Voters were restricted to only choosing pro-China candidates, with turnout being only a little more than 27 percent, according to Reuters.

The election came months after the city introduced an electoral overhaul that allowed only hand-picked Beijing loyalists to run for the council. Even so, only 88 of 470 seats will be directly elected and candidates must be approved by government-appointed committees.

The Democratic Party – Hong Kong’s biggest opposition party – failed to secure nominations for any of its candidates. Meanwhile, centrist and pro-Beijing moderate candidates also complained of being shut out by the new rules.

Meanwhile, the territory’s pro-China government mobilized thousands of officers to patrol across the city and warned against any attempts to undermine the vote. Police arrested three members of the League of Social Democrats after it announced plans to demonstrate outside a polling station.

Exiled pro-democracy activists lamented that the polls were “a complete joke.”

Sunday’s vote and electoral overhaul underscores mainland China’s ongoing efforts to secure its hold on the former British colony in recent years.

In 2019, Hong Kong experienced mass protests over Beijing’s encroachment of the semi-autonomous territory’s freedoms, which is supposed to enjoy freedoms not found in mainland China under an arrangement known as “one country, two systems.”

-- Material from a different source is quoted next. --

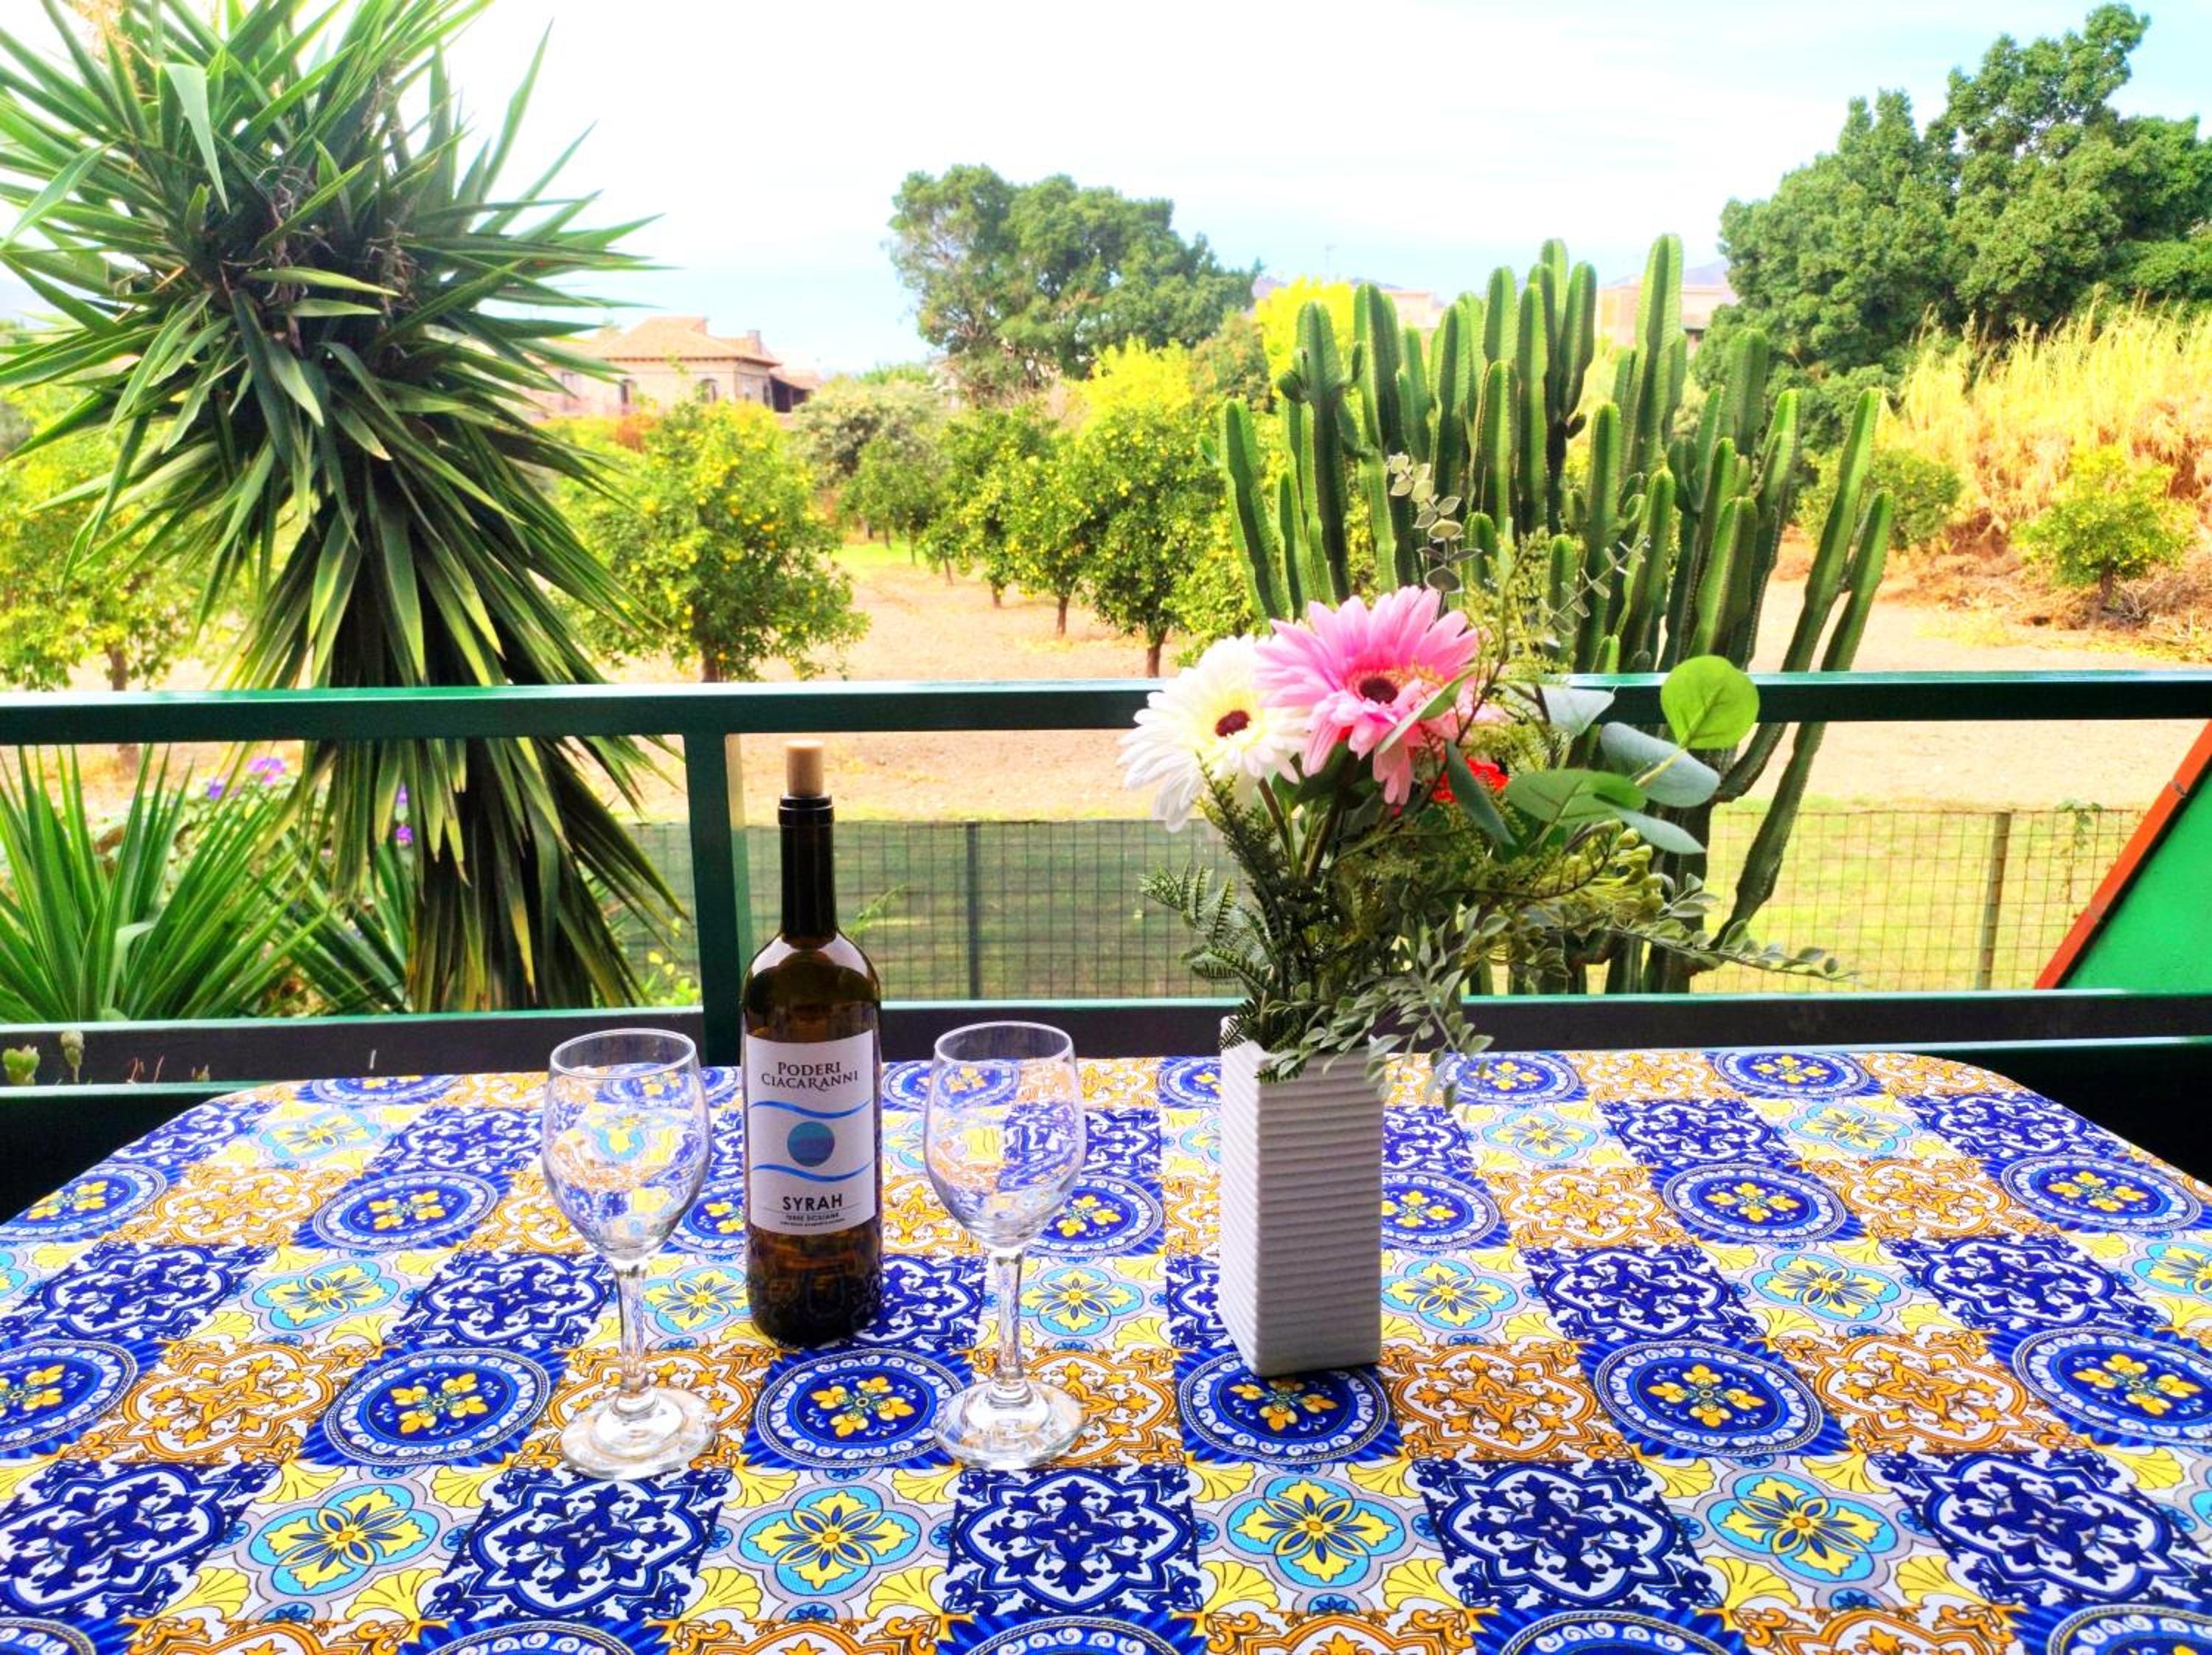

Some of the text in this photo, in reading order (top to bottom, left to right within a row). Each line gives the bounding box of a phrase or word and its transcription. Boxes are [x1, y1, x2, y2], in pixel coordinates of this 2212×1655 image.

During that year’s district elections, pro-democracy candidates won by a landslide, dealing a blow to the pro-Beijing establishment. Turnout for that election was 71 percent – the highest in Hong Kong’s history.

In response, China passed a controversial national security law in 2020 that has nearly wiped out democratic activism in Hong Kong, with many activists being arrested and others forced into exile.